今週のSecurity Check(第166回)

 「ウイルス」「ワーム」「スパイウエア」「ボットネット」「フィッシング」---。現在,インターネットにはさまざまな悪質なプログラムや攻撃,脅威が出回っている。総称して「マルウエア(Malware malicious software:有害プログラム,悪意のあるソフトウエア)」などと呼ばれるこれらのプログラム/脅威は,インターネット・セキュリティにある程度詳しい方でも,それぞれの違いや特徴を述べることは難しい。

 そこで本稿では,マルウエアの代表的な分類(カテゴリ)を紹介するとともに,最近話題になっているマルウエアや脅威を解説する。加えて,マルウエア/脅威に関する新たな分類方法を提唱したい。マルウエアの理解や対策のために役立てていただければ幸いである。

 なお,本稿で紹介する分類などは,筆者がマルウエア対策を進める上で独自にまとめたものであり,特に権威付けされたものではないことをお断りしておく。また,マルウエアの歴史/手法/分類については,筆者が共同執筆した「有害プログラム--その分類・メカニズム・対策(共立出版)」で詳述しているので,興味のある方はそちらを参照していただきたい。

従来のカテゴリ

 マルウエアは,大きく分けると表1のようなカテゴリに分類できるだろう。

表1 マルウエアの種類
ウイルス記憶媒体やメールを介して自己感染を繰り返すプログラム
ネットワーク・ワーム(ワーム)ネットワーク経由で自己増殖するプログラム
受動的攻撃受動的攻撃[注1]によって攻撃を仕掛ける,あるいは感染するプログラム
トロイの木馬有用なプログラムなどを装って侵入するプログラム
バックドアPCを外部から操作できるようにするプログラム
スパイウエアPCの情報を盗み取るプログラム[注2]
アドウエア広告などを勝手に表示するプログラム
フラッダ(Flooder)DoS/DDoS攻撃を行うためのプログラム
ドロッパ(Dropper)他のマルウエアをダウンロードするプログラム

注1 「『受動的攻撃』に気をつけろ~その実態と対策~」
注2 ユーザーのキー入力などを記録して盗む「キーロガー」は,スパイウエアに分類される。

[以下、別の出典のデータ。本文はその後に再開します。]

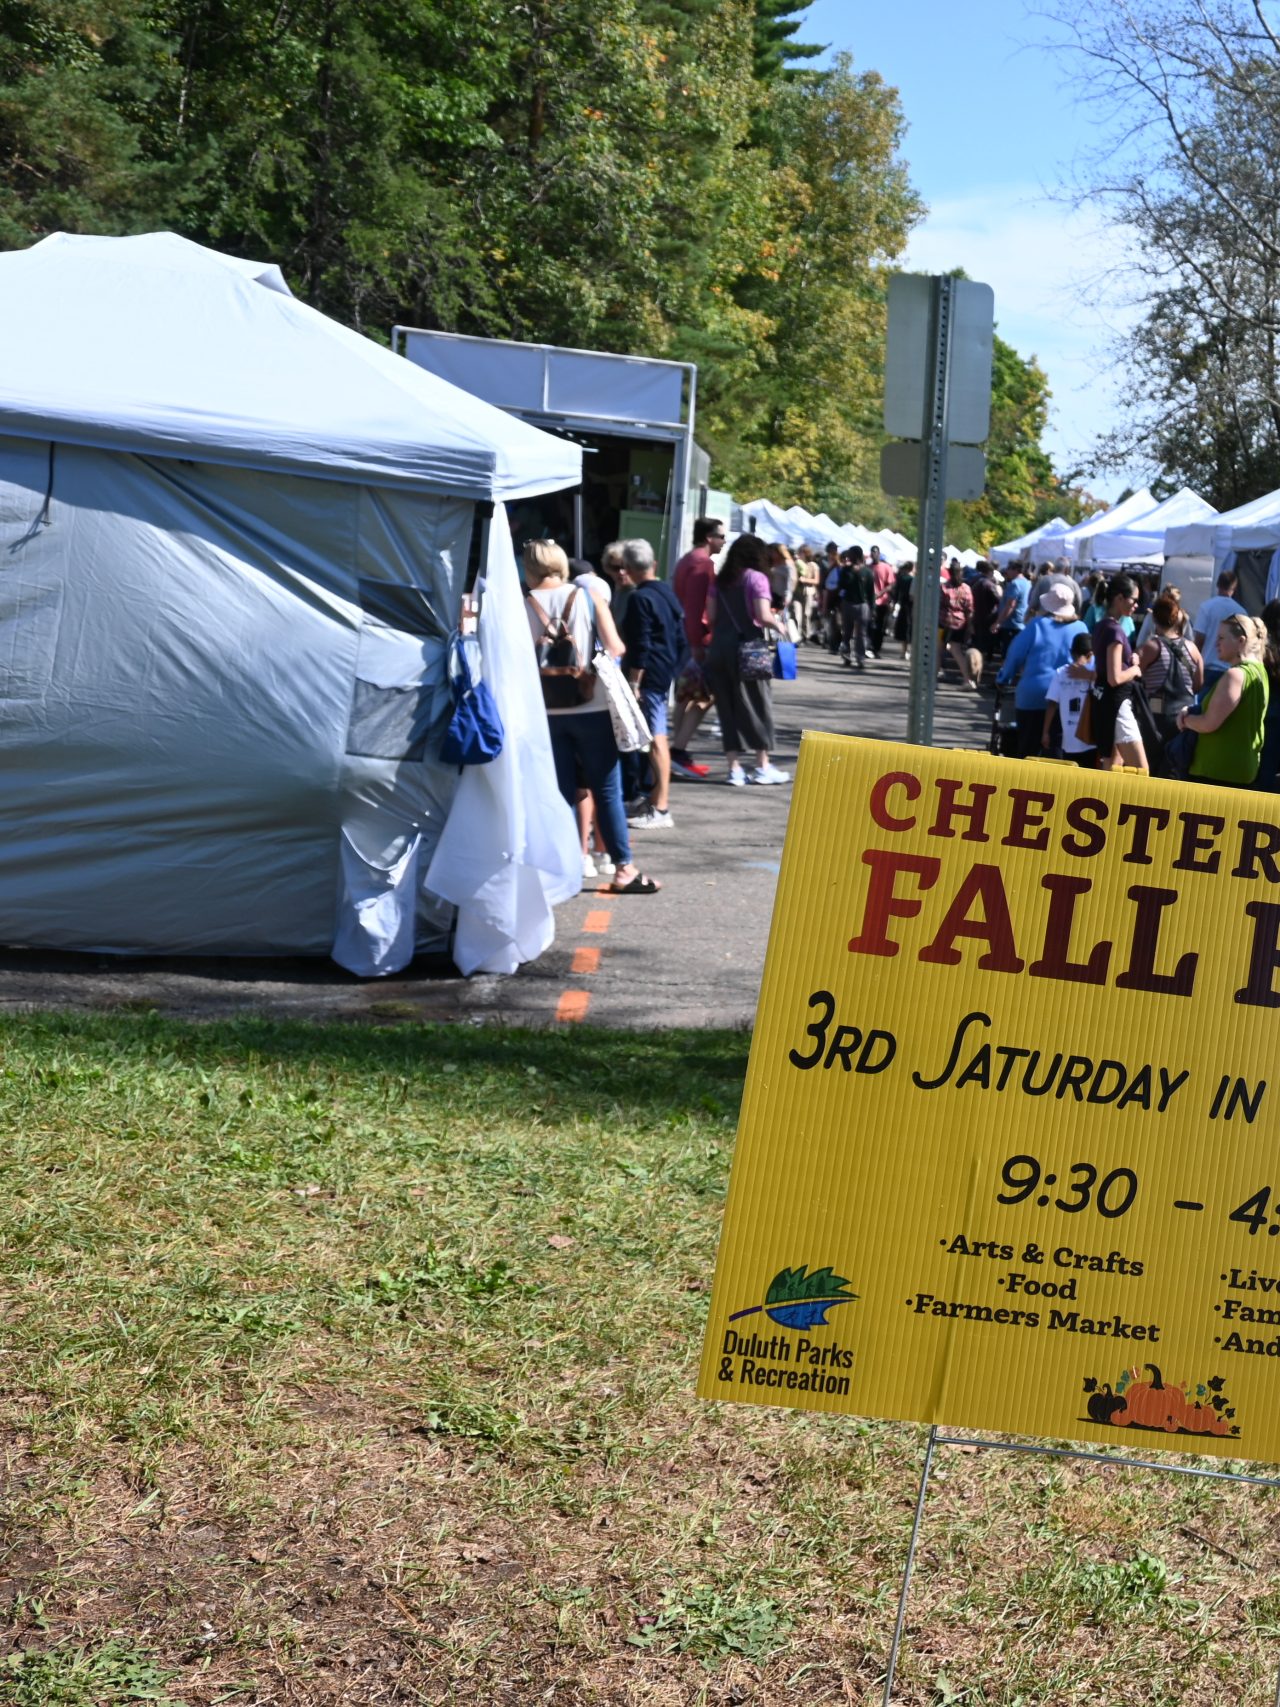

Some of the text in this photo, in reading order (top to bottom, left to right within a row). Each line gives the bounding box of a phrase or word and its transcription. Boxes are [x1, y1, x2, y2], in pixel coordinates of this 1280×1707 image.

 表1にあるように,マルウエアの種類(カテゴリ)には,「感染活動に基づくカテゴリ」と「感染後の活動に基づくカテゴリ」が存在する。

 例えば,ウイルス,ネットワーク・ワーム,受動的攻撃は,感染活動に基づく名称である。一方,バックドア,スパイウエア,アドウエア,フラッダ,ドロッパは,感染後の活動に基づいた名称である。

 トロイの木馬については,いずれの意味でも使われる場合がある。(1)「ユーザーをだまして実行させる(ソーシャル・エンジニアリングを使う)」といった感染活動をするマルウエアを指す場合と,(2)「ユーザーが意図しない動作(活動)をする」マルウエアを指す場合である。いずれの使い方でも誤りではないが,本稿では(1)のようなマルウエアをトロイの木馬と呼ぶ。

 多くのマルウエアには,複数の感染活動/活動が実装されている。このため,どれか一つのカテゴリに分類することが難しくなっている。例えば「Nimda」は,ウイルス,ワーム,受動的攻撃を使って感染を広げる(図1)。


図1 Nimdaの活動 [画像のクリックで拡大表示]

 「Sobig」は,感染するとキーロガーなどのバックドアとして動作するほか,オープン・プロキシの機能を持つ。このためSobigに感染したパソコンは,スパム・メールの踏み台として悪用された(図2)。